Your belief system is largely unconscious and unexamined. Your stories are your survival mechanism. They arise in response to your belief system whose patterns of thought have likely been in place since your childhood. By adulthood, these stories and their underlying patterns can sometimes do more harm than good by distancing you from the reality of the experience itself.
It can be a difficult practice to regularly examine your thoughts and belief system and the stories that they have to tell you about your experiences, but it’s worth it. A lot of the really scary things that your stories have to say are simply not true and never come to pass. If you can teach yourself to recognize that fact in the middle of a stressful event, you’ll be in a better position to act instead of simply reacting.
Practice
In the last chapter you practiced observing your thoughts on a daily basis and in response to a predetermined daily cue. Now I’d like you to add to that practice the following suggestions:
- Observe your mind whenever you’re upset. What’s your mind saying? Try to identify the original thought that came into your mind and then see if you can recognize the story that came after. Ask yourself, “What’s the fact?” and then “What’s the story?” Ultimately, this may just be you stating, “Fact… . Story.” Write it down if that helps you to figure it out or makes it clearer for you.
- Observe your mind whenever you’re happy. What’s your mind saying now? Try to identify the original thought that came into your mind and then make a note of the story that came after.
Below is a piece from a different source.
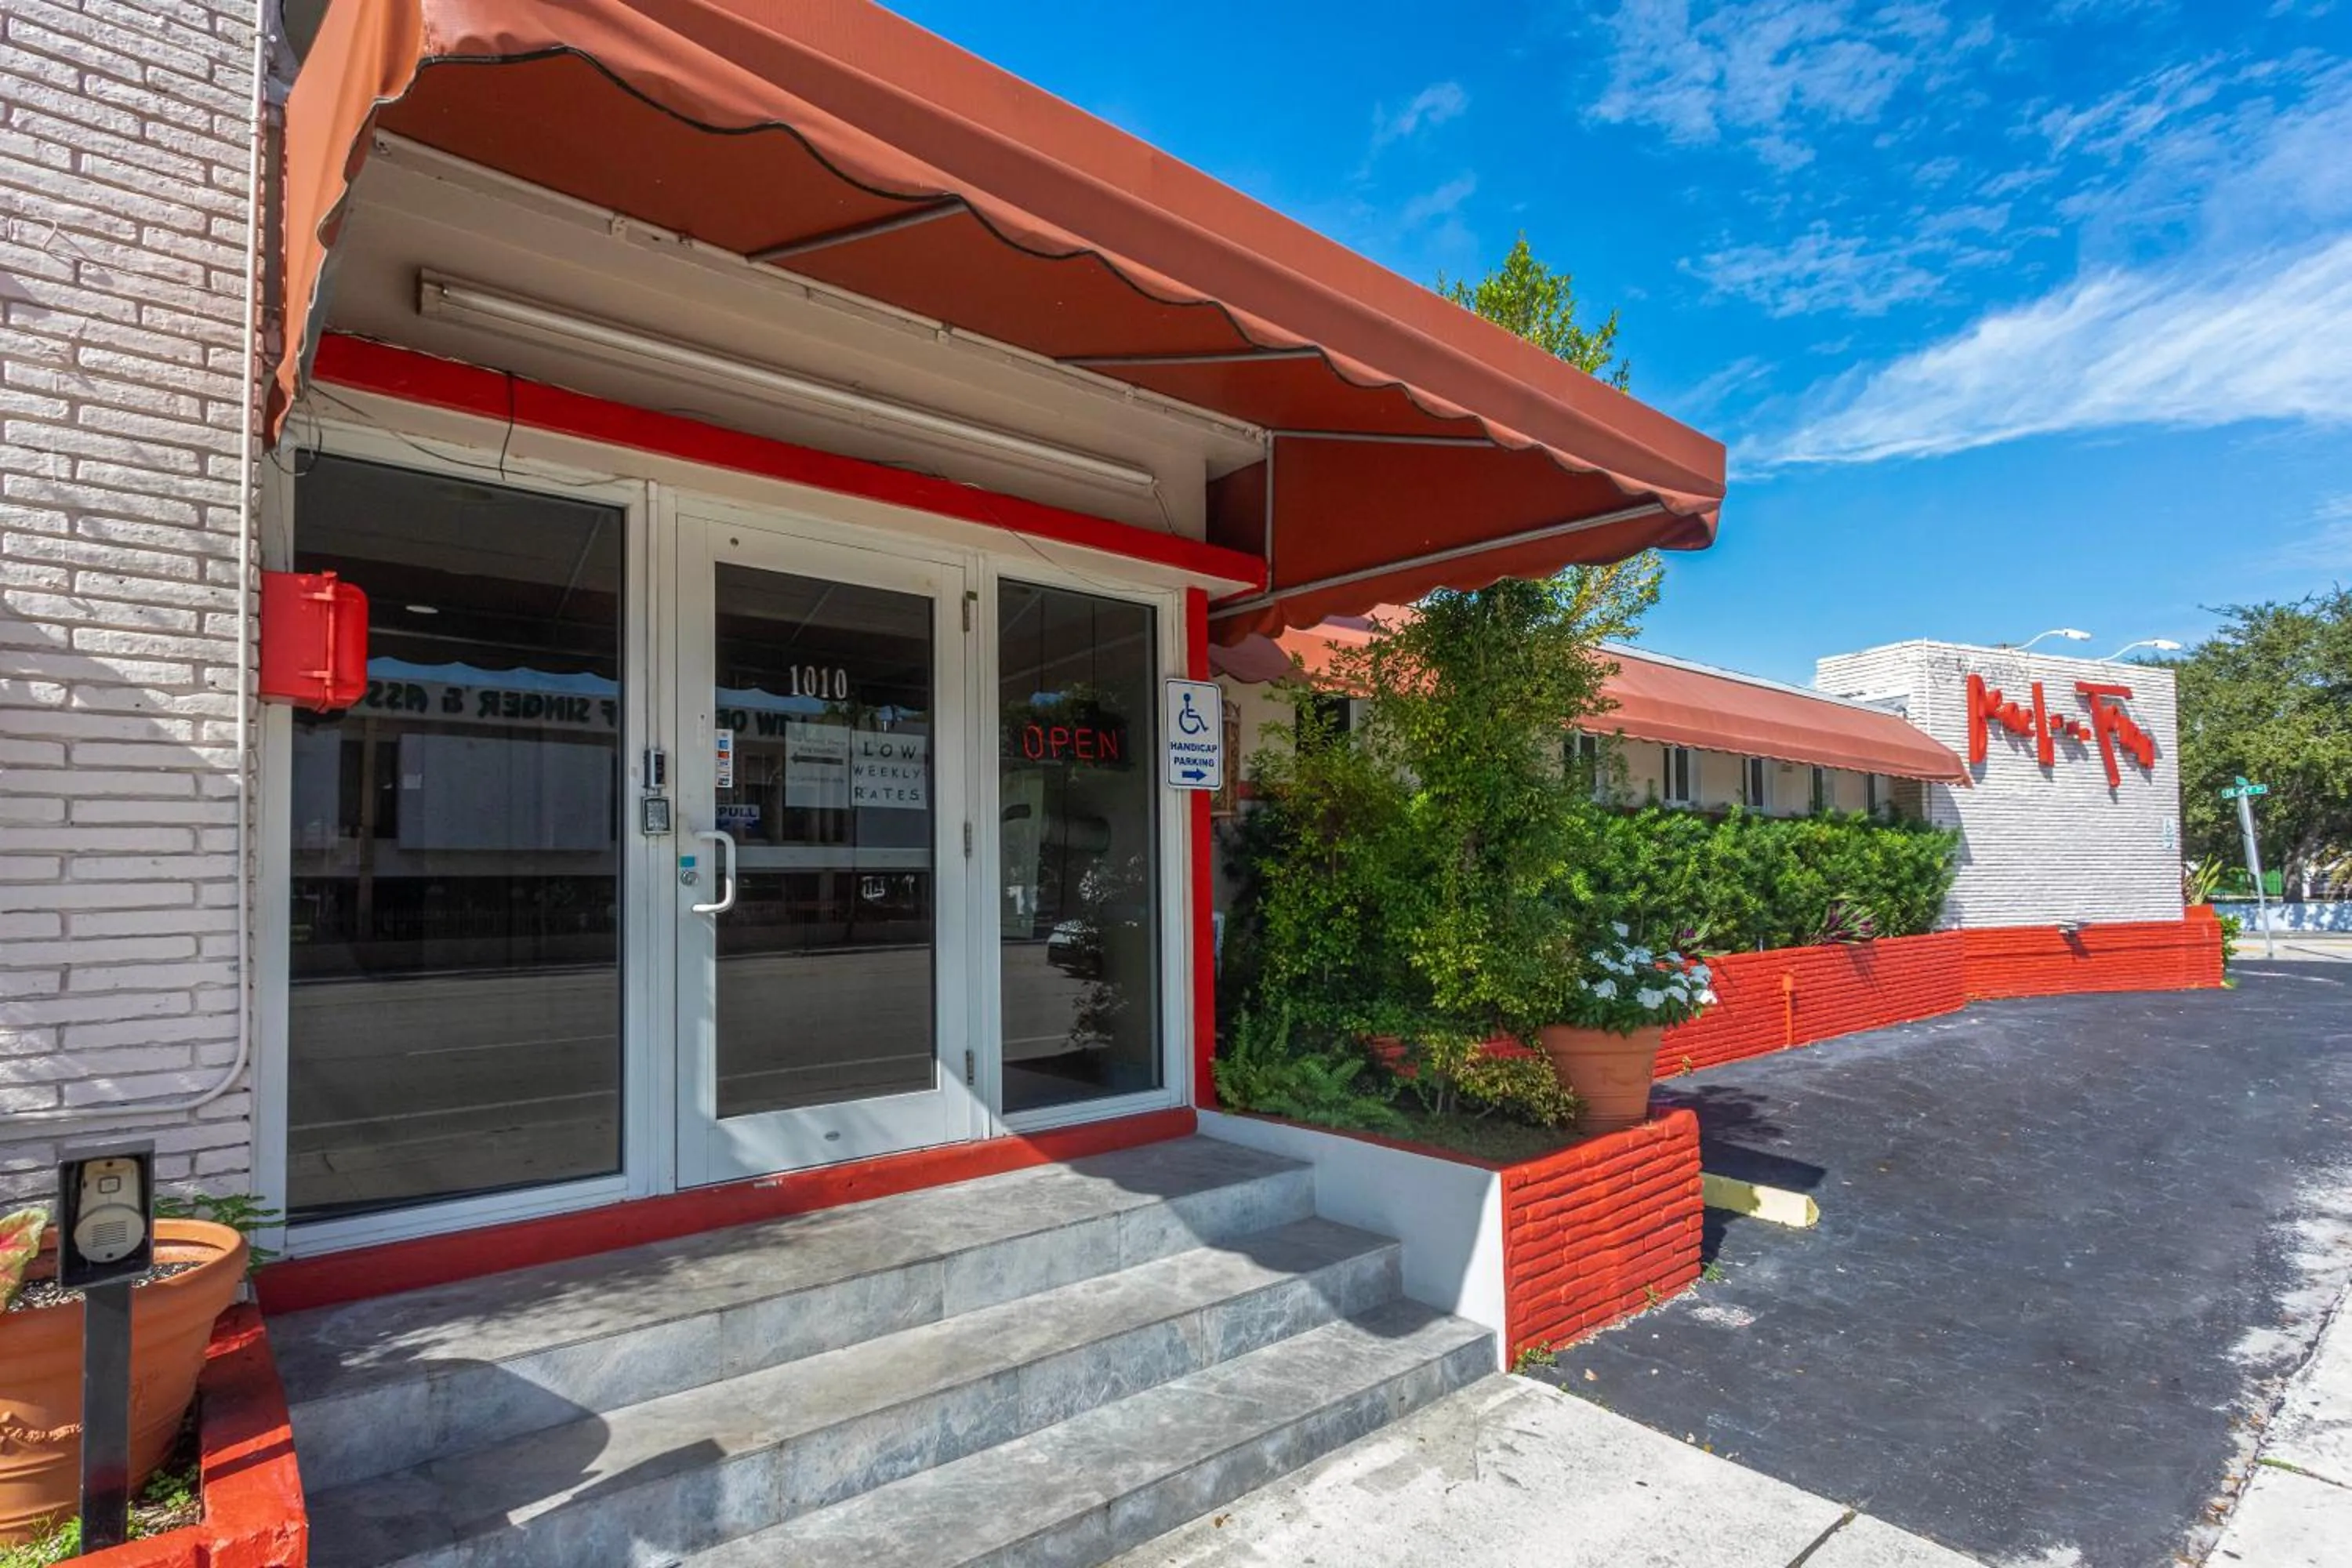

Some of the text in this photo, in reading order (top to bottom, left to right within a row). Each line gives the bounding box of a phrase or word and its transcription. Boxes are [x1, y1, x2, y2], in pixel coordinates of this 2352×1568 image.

- Whenever you go outside, try to really experience the sensations of nature such as the wind blowing, the sound of thunder, or the feel of the rain. Listen to the sounds around you such as traffic, construction noise, voices, or bird song. See how your mind labels these experiences. Then try to refocus on the pure sensation that you’re experiencing and enjoy it for what it is. See if you can separate sensation from story.
- Sit in a park, or mall, or wherever people pass by and simply observe the story your mind tells about each passing individual. Even though you don’t know these people, your mind has created a judgment about them.
You’re teaching yourself to recognize your belief system in action and that’s always the first step in de-stressing. You’re on your way!
Summary
- You create stories around internal and external sensations.
- You react to situations in your life based on the stories around the event rather than the event itself.
- Your stories are changeable.
- Your stories are your own unique personal patterns of thought.
- Your stories are based on beliefs you learned from your parents, society, friends and role models.
- Many of these beliefs were first established in your childhood.
- These stories are often unconscious.
- Your stories distance you from the original actual experience and are not necessarily true.